“Chefe de família” e “carreira elogiável”: ninguém entendeu a piada de Marco Aurélio Mello sobre Aécio. Por Kiko Nogueira

 Por Kiko Nogueira - no DCM - 1 de julho de 2017

O Brasil é o país onde a expressão “o melhor detergente é a luz do sol” não tem validade.


Chegamos a um ponto em que o descaramento virou regra e é tão banal quanto um picolé de limão.
Veja Michel e seus ladrões.
Veja Aécio Neves à vontade para pedir a Edson Fachin, relator da Lava Jato no STF, que um dos inquéritos abertos para investigá-lo a partir das delações da Odebrecht seja remetido para relatoria do amigo Gilmar Mendes.
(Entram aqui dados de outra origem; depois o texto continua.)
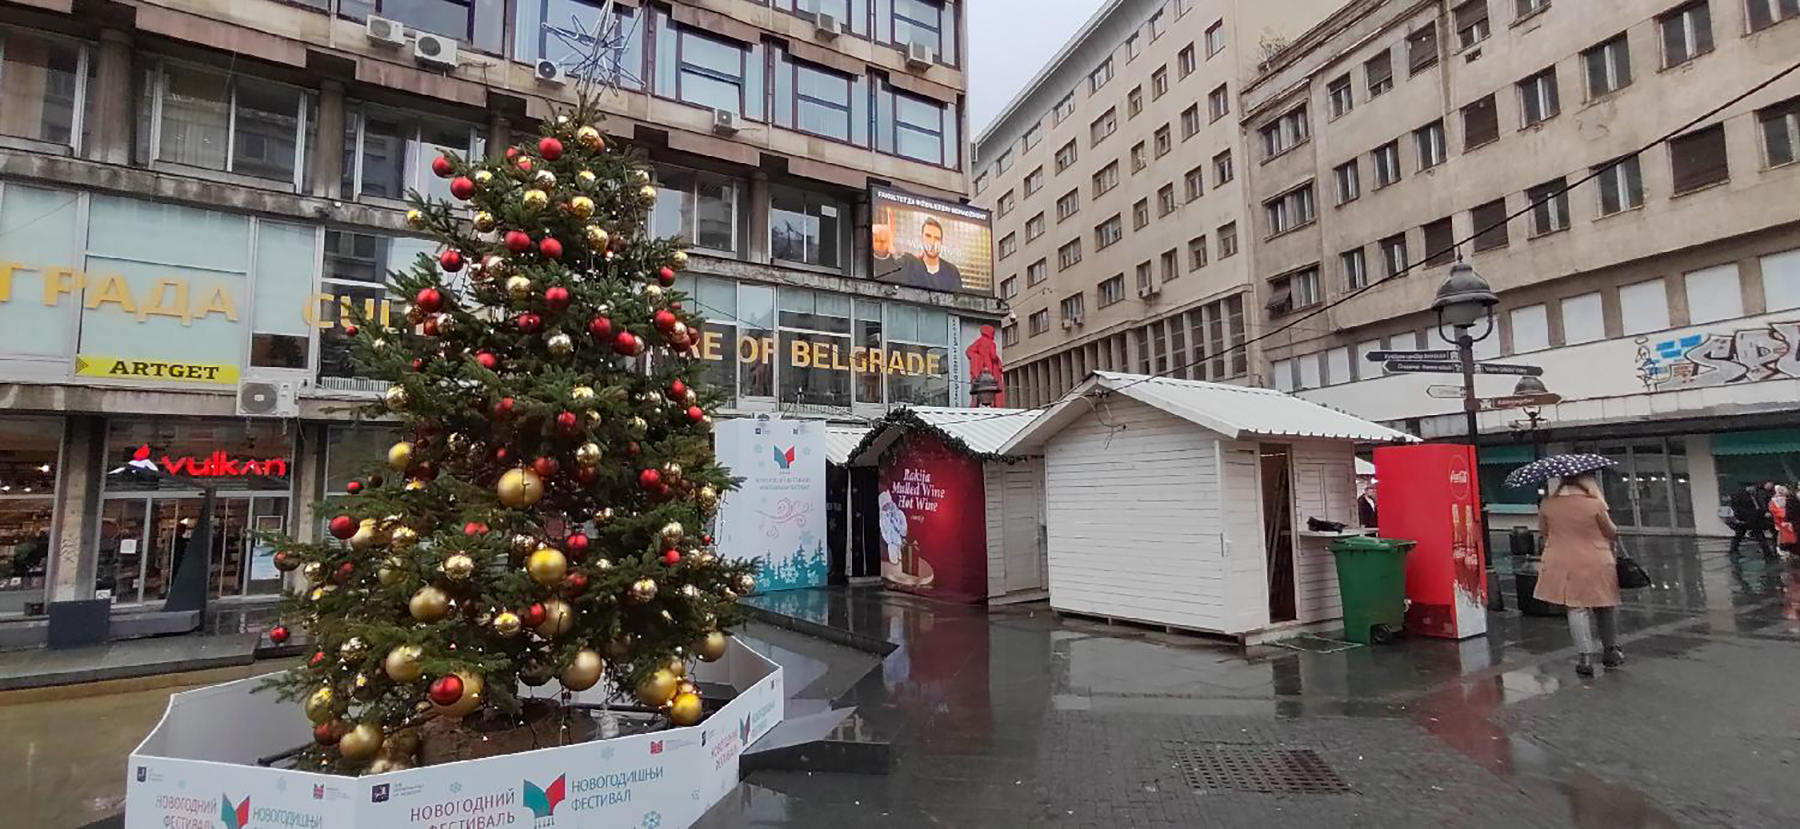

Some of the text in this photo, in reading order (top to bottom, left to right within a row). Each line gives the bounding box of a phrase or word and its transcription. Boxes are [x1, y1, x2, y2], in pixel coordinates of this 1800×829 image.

[740, 335, 774, 364] OF
[791, 340, 941, 378] BELGRADE
[109, 360, 219, 380] ARTGET
[160, 449, 286, 477] vulkan
[903, 468, 931, 485] Rakija
[922, 484, 946, 499] Wine
[898, 495, 939, 512] Hot Wine
[571, 767, 663, 793] НОВОГОДИШЊИ
[156, 795, 217, 814] НОВОГОДНИЙ
[410, 788, 515, 822] НОВОГОДНИЙ
[571, 789, 632, 811] ФЕСТИВАЛ
Dos cinco que o tucano responde, três já foram redistribuídos a outros ministros – Gilmar, Ricardo Lewandowski e Alexandre de Moraes.
No requerimento, os advogados argumentam que a apuração trata de suspeitas de fraudes no setor elétrico, mesmo tema do processo que já está com Gilmar.
Segundo a defesa, há “íntima relação entre os fatos”. Não só entre os fatos.
A semana de Aécio foi plena de realizações: irmã Andrea e primo Fred soltos da cana, salvação no Conselho de Ética — e o mandato de volta.
A sentença de Marco Aurélio Mello devolvendo-lhe a cadeira no Senado deve ser entendida como um deboche na era da pós-normalidade, uma homenagem ao vício e à hipocrisia.
“Mandato parlamentar é coisa séria e não se mexe, impunemente, em suas prerrogativas”, escreveu o juiz, com o cadáver do impeachment ainda quente.
Não cabe àquela corte “muito menos, por ordem monocrática, afastar um parlamentar”. O mineiro foi “o segundo colocado nas eleições à Presidência da República de 2014 – ditas fraudadas”. Ditas fraudadas, repito.
Aécio jamais fugiria (por que faria isso, se ele pode tudo por aqui?): “No tocante ao recolhimento do passaporte, surgem ausentes elementos concretos acerca do risco de abandono do país, no que saltam aos olhos fortes elos com o Brasil”.
A chave de ouro: trata-se de um “chefe de família, com carreira política elogiável”.
Provavelmente Marco Aurélio terminou essa frase rindo com seus estafetas. Conseguiram compor uma peça irônica, cheia de indiretas maldosas aos familiares chave de cadeia e à fama festeira de Aécio.
Marco Aurélio Mello precisava justificar sua mãozinha a um sujeito flagrado acertando propina e dizendo que seu emissário teria que ser “um que a gente mata ele antes de fazer delação”. Não é fácil.
Conseguiu cumprir sua missão com um texto de humor. Aécio, pelo menos, está rindo — de você.